(TASK DIRECTIONS): All of the records below need to be returned exactly.

[Stored data entries]

···

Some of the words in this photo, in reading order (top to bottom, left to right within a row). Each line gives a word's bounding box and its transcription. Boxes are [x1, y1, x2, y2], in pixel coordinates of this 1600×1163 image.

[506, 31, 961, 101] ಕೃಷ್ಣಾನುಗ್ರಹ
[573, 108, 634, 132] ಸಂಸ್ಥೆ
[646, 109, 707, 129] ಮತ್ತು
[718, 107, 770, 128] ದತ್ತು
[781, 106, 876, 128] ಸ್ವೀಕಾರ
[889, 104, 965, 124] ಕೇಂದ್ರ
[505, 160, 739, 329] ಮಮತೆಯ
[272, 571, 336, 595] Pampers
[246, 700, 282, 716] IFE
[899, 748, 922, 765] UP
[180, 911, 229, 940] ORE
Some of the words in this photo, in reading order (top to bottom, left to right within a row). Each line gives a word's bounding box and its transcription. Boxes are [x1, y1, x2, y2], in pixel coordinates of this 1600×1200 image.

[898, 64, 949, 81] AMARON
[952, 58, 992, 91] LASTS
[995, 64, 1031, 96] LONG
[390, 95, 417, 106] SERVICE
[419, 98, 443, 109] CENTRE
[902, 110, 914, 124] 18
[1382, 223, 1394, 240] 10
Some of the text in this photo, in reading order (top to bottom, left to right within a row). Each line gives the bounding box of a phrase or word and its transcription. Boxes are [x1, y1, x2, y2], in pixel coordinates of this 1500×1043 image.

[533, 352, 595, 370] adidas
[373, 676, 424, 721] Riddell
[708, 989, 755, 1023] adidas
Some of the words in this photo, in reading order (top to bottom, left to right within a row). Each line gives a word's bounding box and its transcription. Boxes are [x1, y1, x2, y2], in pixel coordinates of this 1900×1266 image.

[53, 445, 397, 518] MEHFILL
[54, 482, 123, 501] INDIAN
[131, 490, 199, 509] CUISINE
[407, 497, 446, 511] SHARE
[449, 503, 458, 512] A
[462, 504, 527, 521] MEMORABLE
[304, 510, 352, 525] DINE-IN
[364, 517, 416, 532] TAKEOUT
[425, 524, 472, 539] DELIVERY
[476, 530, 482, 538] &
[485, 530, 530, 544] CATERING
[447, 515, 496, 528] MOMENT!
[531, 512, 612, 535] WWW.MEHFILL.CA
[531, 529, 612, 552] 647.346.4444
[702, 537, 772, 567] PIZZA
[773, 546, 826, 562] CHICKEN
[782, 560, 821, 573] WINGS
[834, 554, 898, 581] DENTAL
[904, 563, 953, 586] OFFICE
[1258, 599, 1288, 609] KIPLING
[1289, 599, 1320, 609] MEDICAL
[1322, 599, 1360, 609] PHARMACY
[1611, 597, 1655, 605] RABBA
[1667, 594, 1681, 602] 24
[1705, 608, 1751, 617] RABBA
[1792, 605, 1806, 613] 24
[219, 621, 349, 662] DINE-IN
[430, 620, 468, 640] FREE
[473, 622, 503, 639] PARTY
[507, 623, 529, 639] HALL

···

(ANSWER TO THIS PROBLEM):
Some of the words in this photo, in reading order (top to bottom, left to right within a row). Each line gives a word's bounding box and its transcription. Boxes are [x1, y1, x2, y2], in pixel coordinates of this 1600×1163 image.

[506, 31, 961, 101] ಕೃಷ್ಣಾನುಗ್ರಹ
[573, 108, 634, 132] ಸಂಸ್ಥೆ
[646, 109, 707, 129] ಮತ್ತು
[718, 107, 770, 128] ದತ್ತು
[781, 106, 876, 128] ಸ್ವೀಕಾರ
[889, 104, 965, 124] ಕೇಂದ್ರ
[505, 160, 739, 329] ಮಮತೆಯ
[272, 571, 336, 595] Pampers
[246, 700, 282, 716] IFE
[899, 748, 922, 765] UP
[180, 911, 229, 940] ORE
Some of the words in this photo, in reading order (top to bottom, left to right within a row). Each line gives a word's bounding box and its transcription. Boxes are [x1, y1, x2, y2], in pixel coordinates of this 1600×1200 image.

[898, 64, 949, 81] AMARON
[952, 58, 992, 91] LASTS
[995, 64, 1031, 96] LONG
[390, 95, 417, 106] SERVICE
[419, 98, 443, 109] CENTRE
[902, 110, 914, 124] 18
[1382, 223, 1394, 240] 10
Some of the text in this photo, in reading order (top to bottom, left to right within a row). Each line gives the bounding box of a phrase or word and its transcription. Boxes are [x1, y1, x2, y2], in pixel coordinates of this 1500×1043 image.

[533, 352, 595, 370] adidas
[373, 676, 424, 721] Riddell
[708, 989, 755, 1023] adidas
Some of the words in this photo, in reading order (top to bottom, left to right within a row). Each line gives a word's bounding box and its transcription. Boxes are [x1, y1, x2, y2], in pixel coordinates of this 1900×1266 image.

[53, 445, 397, 518] MEHFILL
[54, 482, 123, 501] INDIAN
[131, 490, 199, 509] CUISINE
[407, 497, 446, 511] SHARE
[449, 503, 458, 512] A
[462, 504, 527, 521] MEMORABLE
[304, 510, 352, 525] DINE-IN
[364, 517, 416, 532] TAKEOUT
[425, 524, 472, 539] DELIVERY
[476, 530, 482, 538] &
[485, 530, 530, 544] CATERING
[447, 515, 496, 528] MOMENT!
[531, 512, 612, 535] WWW.MEHFILL.CA
[531, 529, 612, 552] 647.346.4444
[702, 537, 772, 567] PIZZA
[773, 546, 826, 562] CHICKEN
[782, 560, 821, 573] WINGS
[834, 554, 898, 581] DENTAL
[904, 563, 953, 586] OFFICE
[1258, 599, 1288, 609] KIPLING
[1289, 599, 1320, 609] MEDICAL
[1322, 599, 1360, 609] PHARMACY
[1611, 597, 1655, 605] RABBA
[1667, 594, 1681, 602] 24
[1705, 608, 1751, 617] RABBA
[1792, 605, 1806, 613] 24
[219, 621, 349, 662] DINE-IN
[430, 620, 468, 640] FREE
[473, 622, 503, 639] PARTY
[507, 623, 529, 639] HALL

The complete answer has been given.